_WORK TO COMPLETE:_
Your task is to transcribe the data exactly while omitting each picture.

= = = = =

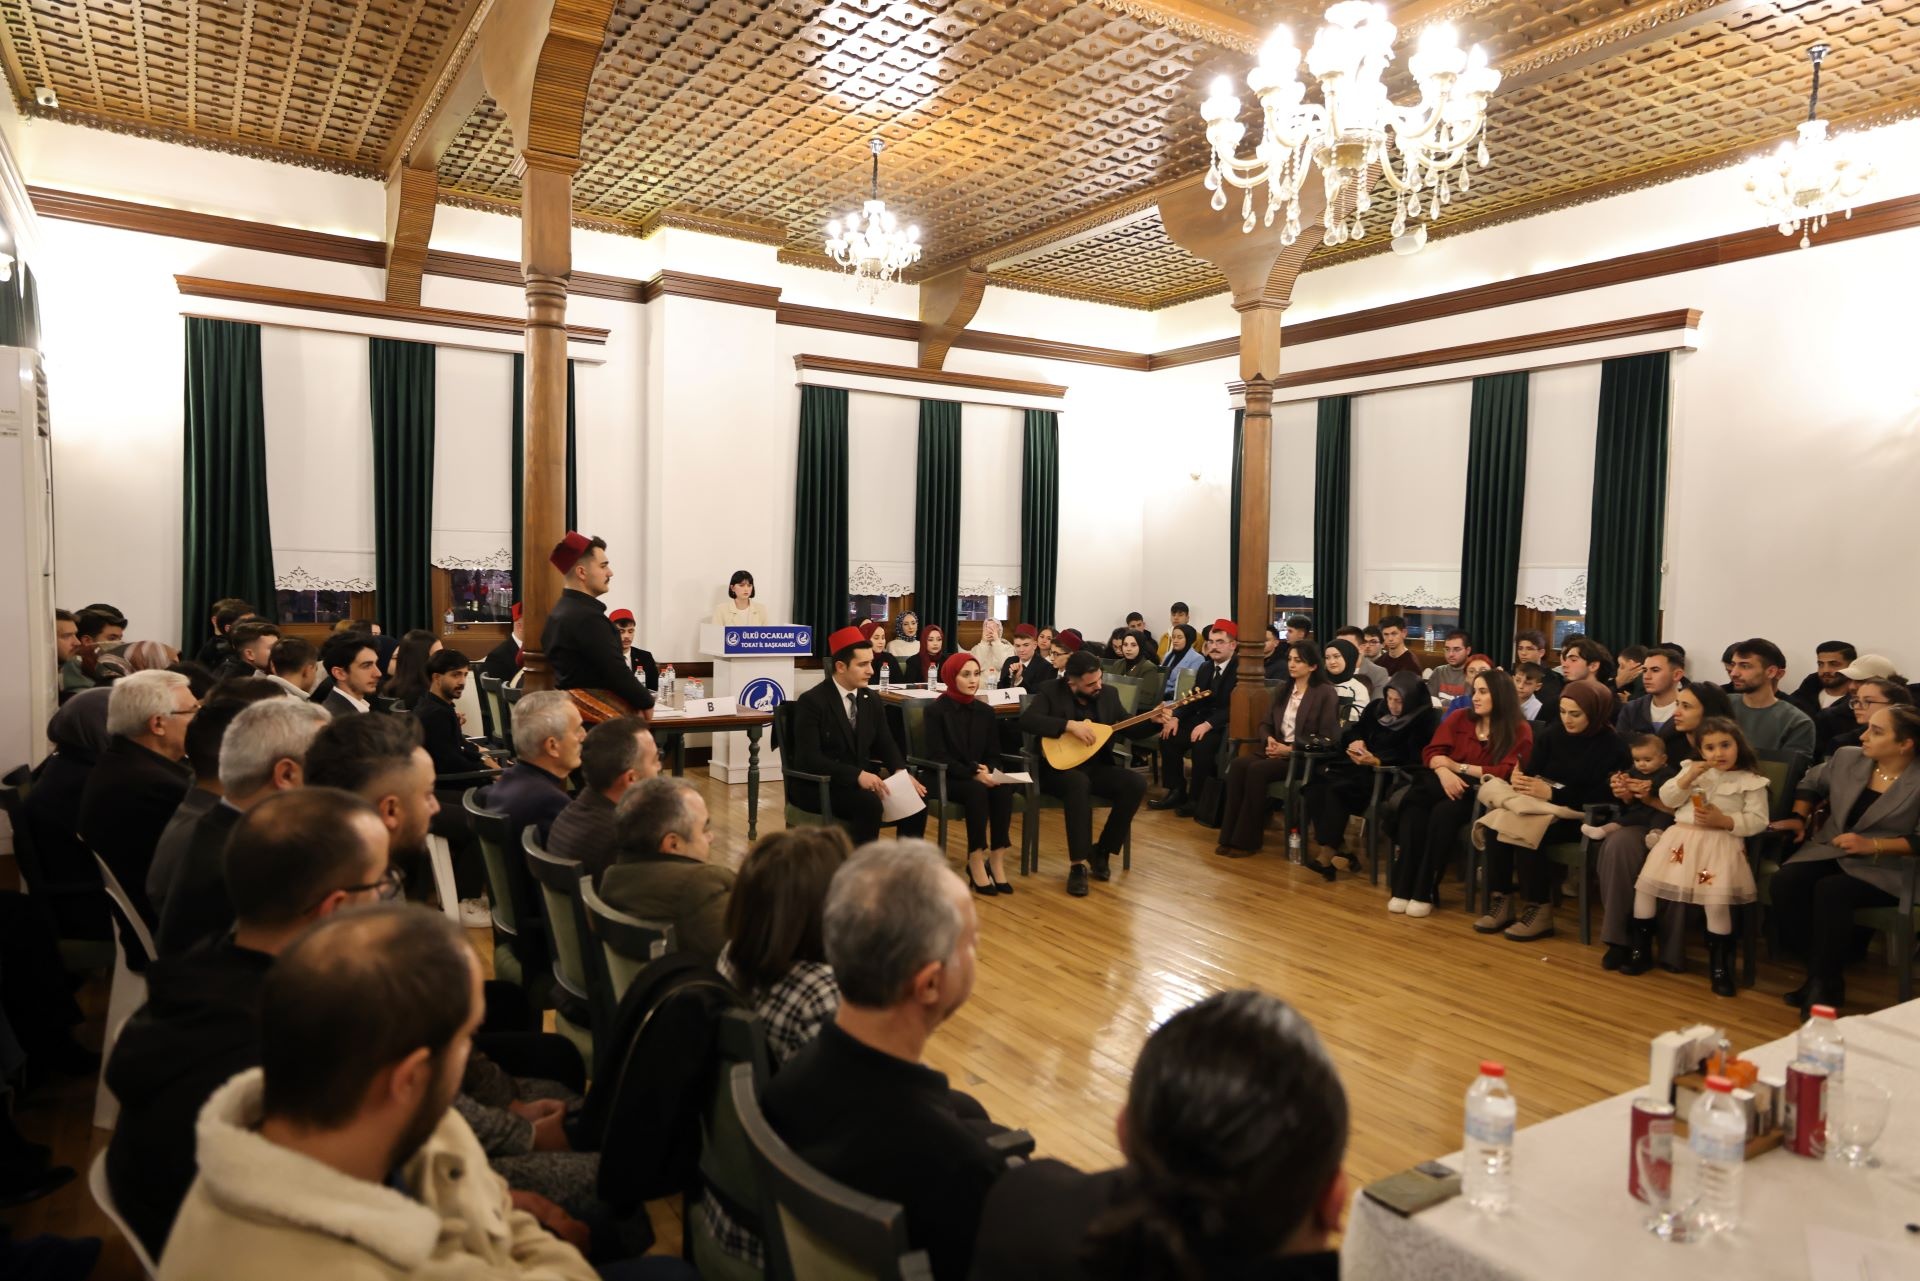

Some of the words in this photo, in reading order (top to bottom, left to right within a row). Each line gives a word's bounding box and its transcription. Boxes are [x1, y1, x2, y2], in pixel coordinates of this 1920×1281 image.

[743, 631, 759, 639] ÜLKÜ
[1004, 692, 1010, 700] A
[707, 701, 715, 712] B
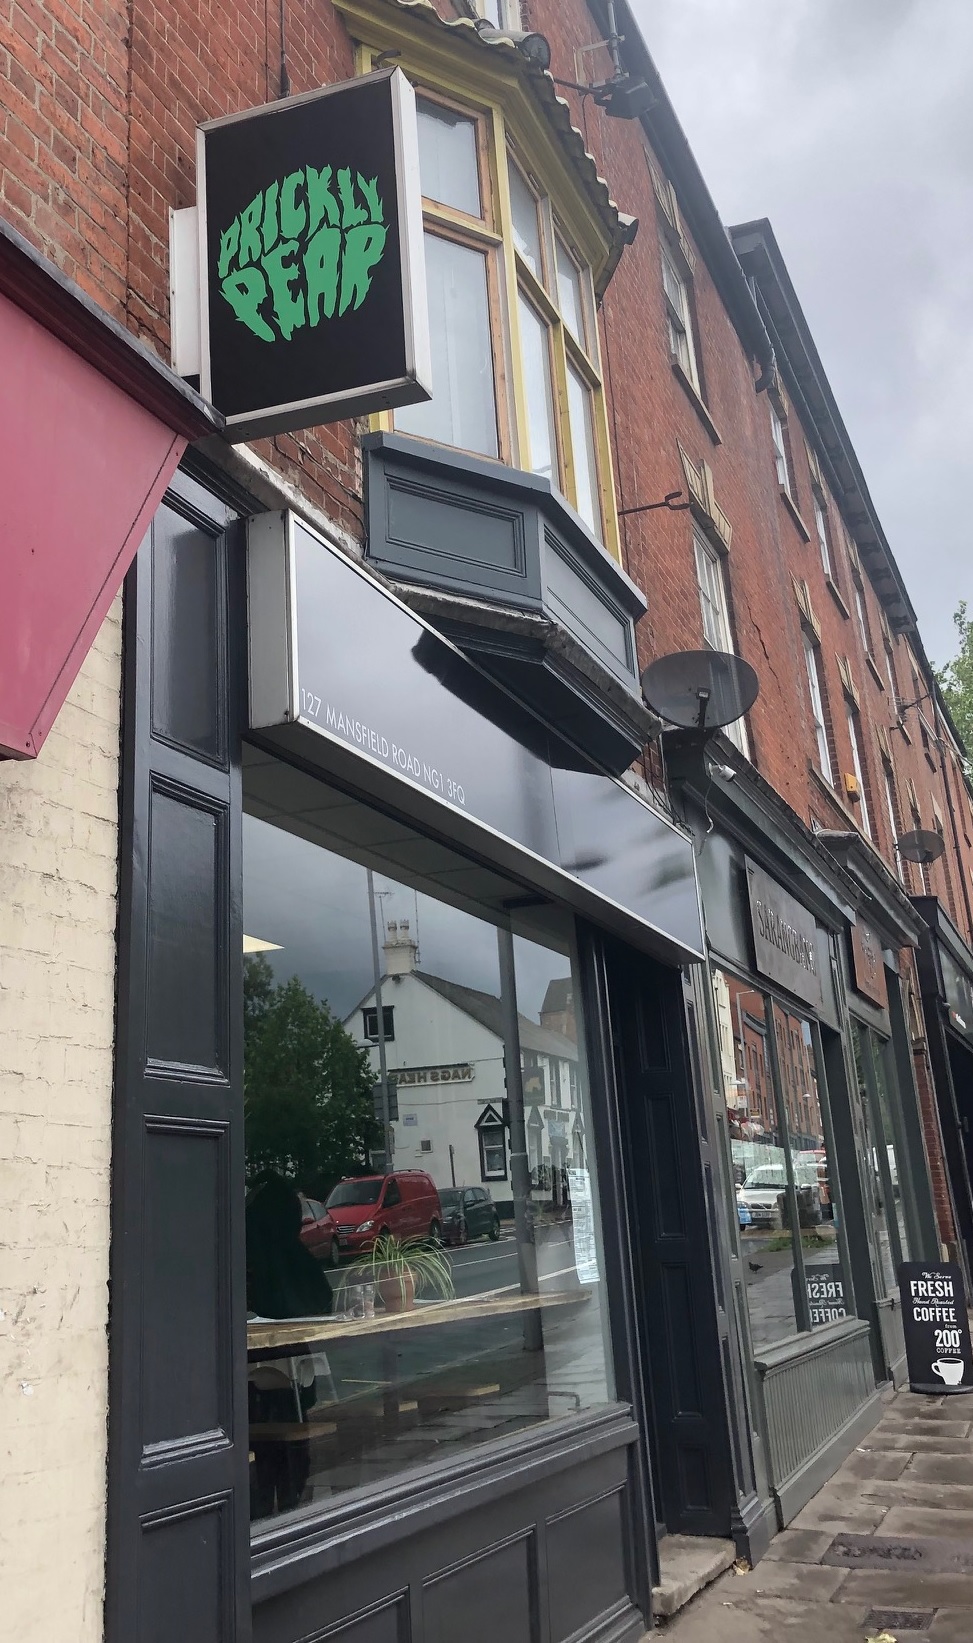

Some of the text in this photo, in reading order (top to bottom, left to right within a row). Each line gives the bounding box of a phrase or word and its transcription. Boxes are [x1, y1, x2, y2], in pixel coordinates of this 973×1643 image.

[217, 164, 384, 278] PRICKLY
[218, 223, 390, 342] PEAR
[301, 688, 466, 806] 127 MANSFIELD ROAD NG1 3FQ
[910, 1280, 954, 1297] FRESH
[912, 1297, 930, 1305] Hand
[913, 1307, 957, 1322] COFFEE
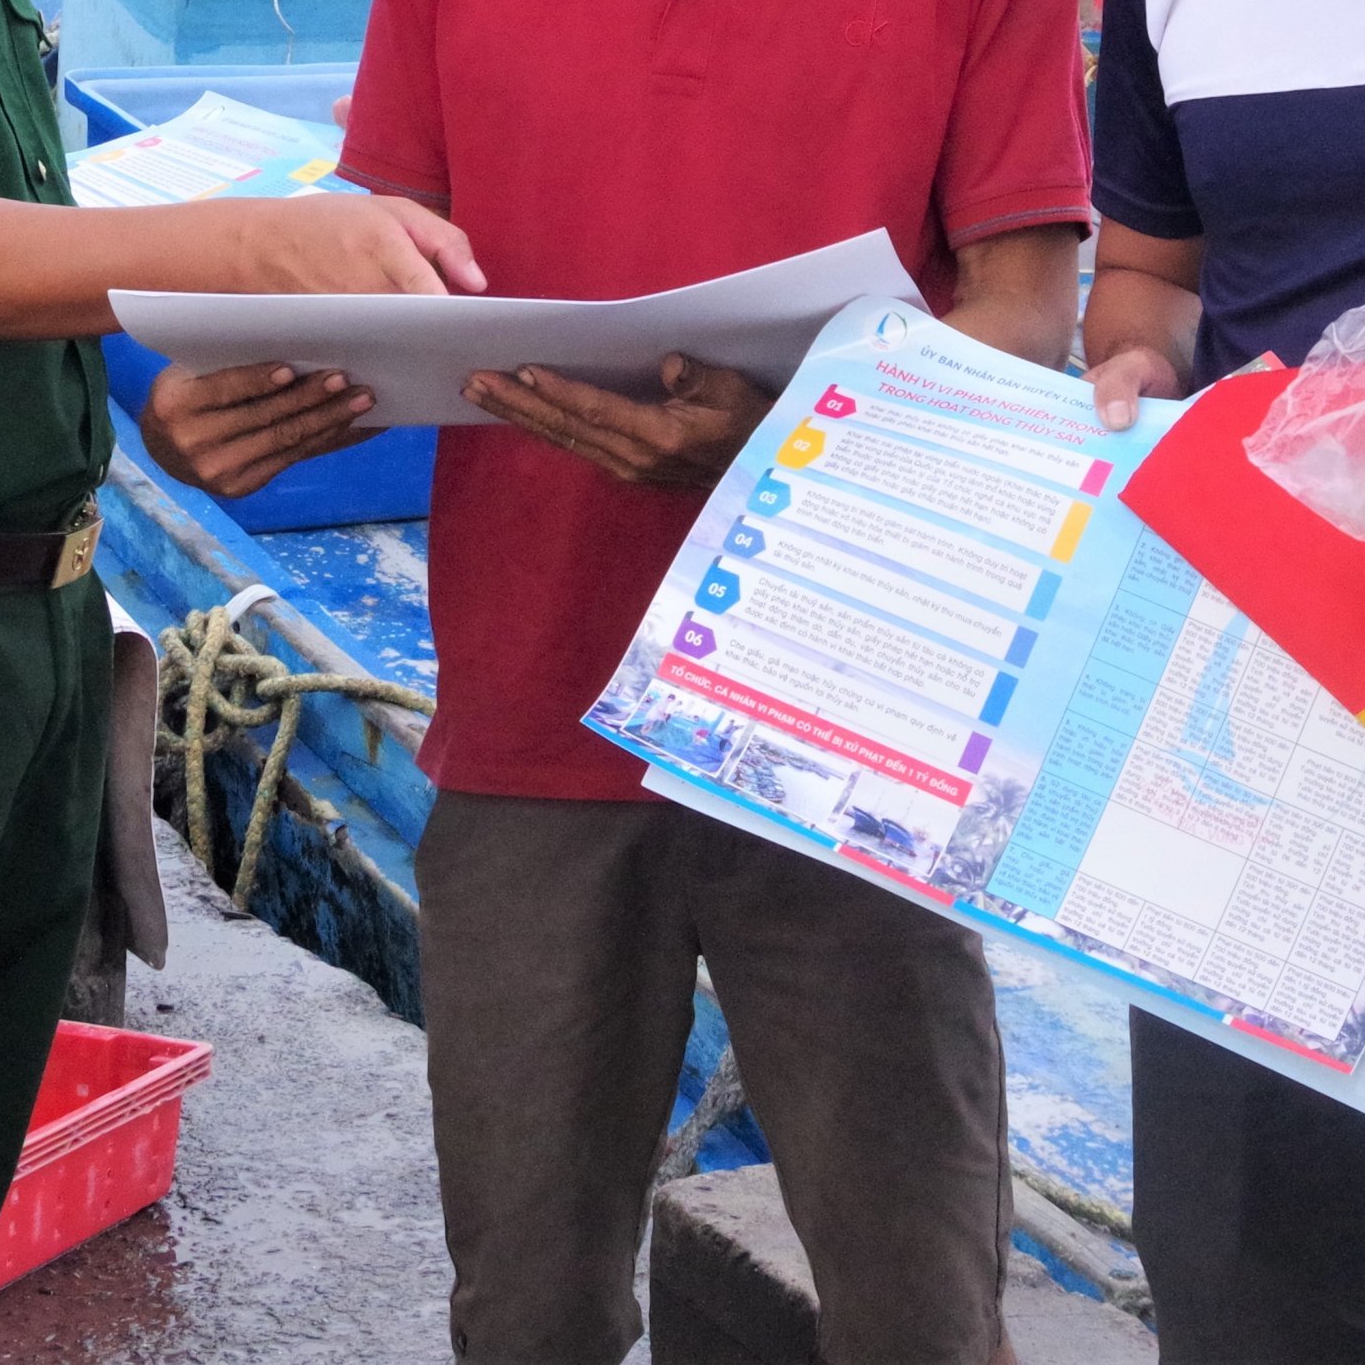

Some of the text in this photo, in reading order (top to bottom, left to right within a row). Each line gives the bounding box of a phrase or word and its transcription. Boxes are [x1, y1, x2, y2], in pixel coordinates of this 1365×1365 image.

[920, 345, 937, 360] ỦY
[938, 355, 963, 371] BAN
[963, 366, 996, 382] NHÂN
[997, 376, 1021, 390] DÂN
[1062, 396, 1095, 411] LONG
[875, 360, 921, 386] HÀNH
[922, 379, 937, 391] VI
[938, 384, 953, 396] VI
[953, 389, 997, 407] PHẠM
[998, 400, 1058, 423] NGHIÊM
[878, 382, 927, 404] TRONG
[827, 399, 843, 411] 01
[793, 439, 811, 452] 02
[759, 491, 777, 505] 03
[735, 533, 753, 548] 04
[708, 583, 727, 598] 05
[684, 630, 703, 647] 06
[714, 684, 728, 696] CÁ
[728, 691, 756, 708] NHÂN
[757, 703, 767, 713] VI
[767, 707, 795, 724] PHẠM
[796, 720, 811, 732] CÓ
[831, 735, 843, 747] BỊ
[858, 747, 884, 763] PHẠT
[908, 768, 913, 776] 1
[915, 771, 928, 782] TỶ

= = = = =

_COMPLETED TASK:_
Some of the words in this photo, in reading order (top to bottom, left to right within a row). Each line gives a word's bounding box and its transcription. Boxes are [x1, y1, x2, y2], in pixel coordinates of this 1920×1281 image.

[743, 631, 759, 639] ÜLKÜ
[1004, 692, 1010, 700] A
[707, 701, 715, 712] B

Some of the text in this photo, in reading order (top to bottom, left to right within a row). Each line gives the bounding box of a phrase or word and its transcription. Boxes are [x1, y1, x2, y2], in pixel coordinates of this 973×1643 image.

[217, 164, 384, 278] PRICKLY
[218, 223, 390, 342] PEAR
[301, 688, 466, 806] 127 MANSFIELD ROAD NG1 3FQ
[910, 1280, 954, 1297] FRESH
[912, 1297, 930, 1305] Hand
[913, 1307, 957, 1322] COFFEE

Some of the text in this photo, in reading order (top to bottom, left to right within a row). Each line gives the bounding box of a phrase or word and its transcription. Boxes are [x1, y1, x2, y2], in pixel coordinates of this 1365×1365 image.

[920, 345, 937, 360] ỦY
[938, 355, 963, 371] BAN
[963, 366, 996, 382] NHÂN
[997, 376, 1021, 390] DÂN
[1062, 396, 1095, 411] LONG
[875, 360, 921, 386] HÀNH
[922, 379, 937, 391] VI
[938, 384, 953, 396] VI
[953, 389, 997, 407] PHẠM
[998, 400, 1058, 423] NGHIÊM
[878, 382, 927, 404] TRONG
[827, 399, 843, 411] 01
[793, 439, 811, 452] 02
[759, 491, 777, 505] 03
[735, 533, 753, 548] 04
[708, 583, 727, 598] 05
[684, 630, 703, 647] 06
[714, 684, 728, 696] CÁ
[728, 691, 756, 708] NHÂN
[757, 703, 767, 713] VI
[767, 707, 795, 724] PHẠM
[796, 720, 811, 732] CÓ
[831, 735, 843, 747] BỊ
[858, 747, 884, 763] PHẠT
[908, 768, 913, 776] 1
[915, 771, 928, 782] TỶ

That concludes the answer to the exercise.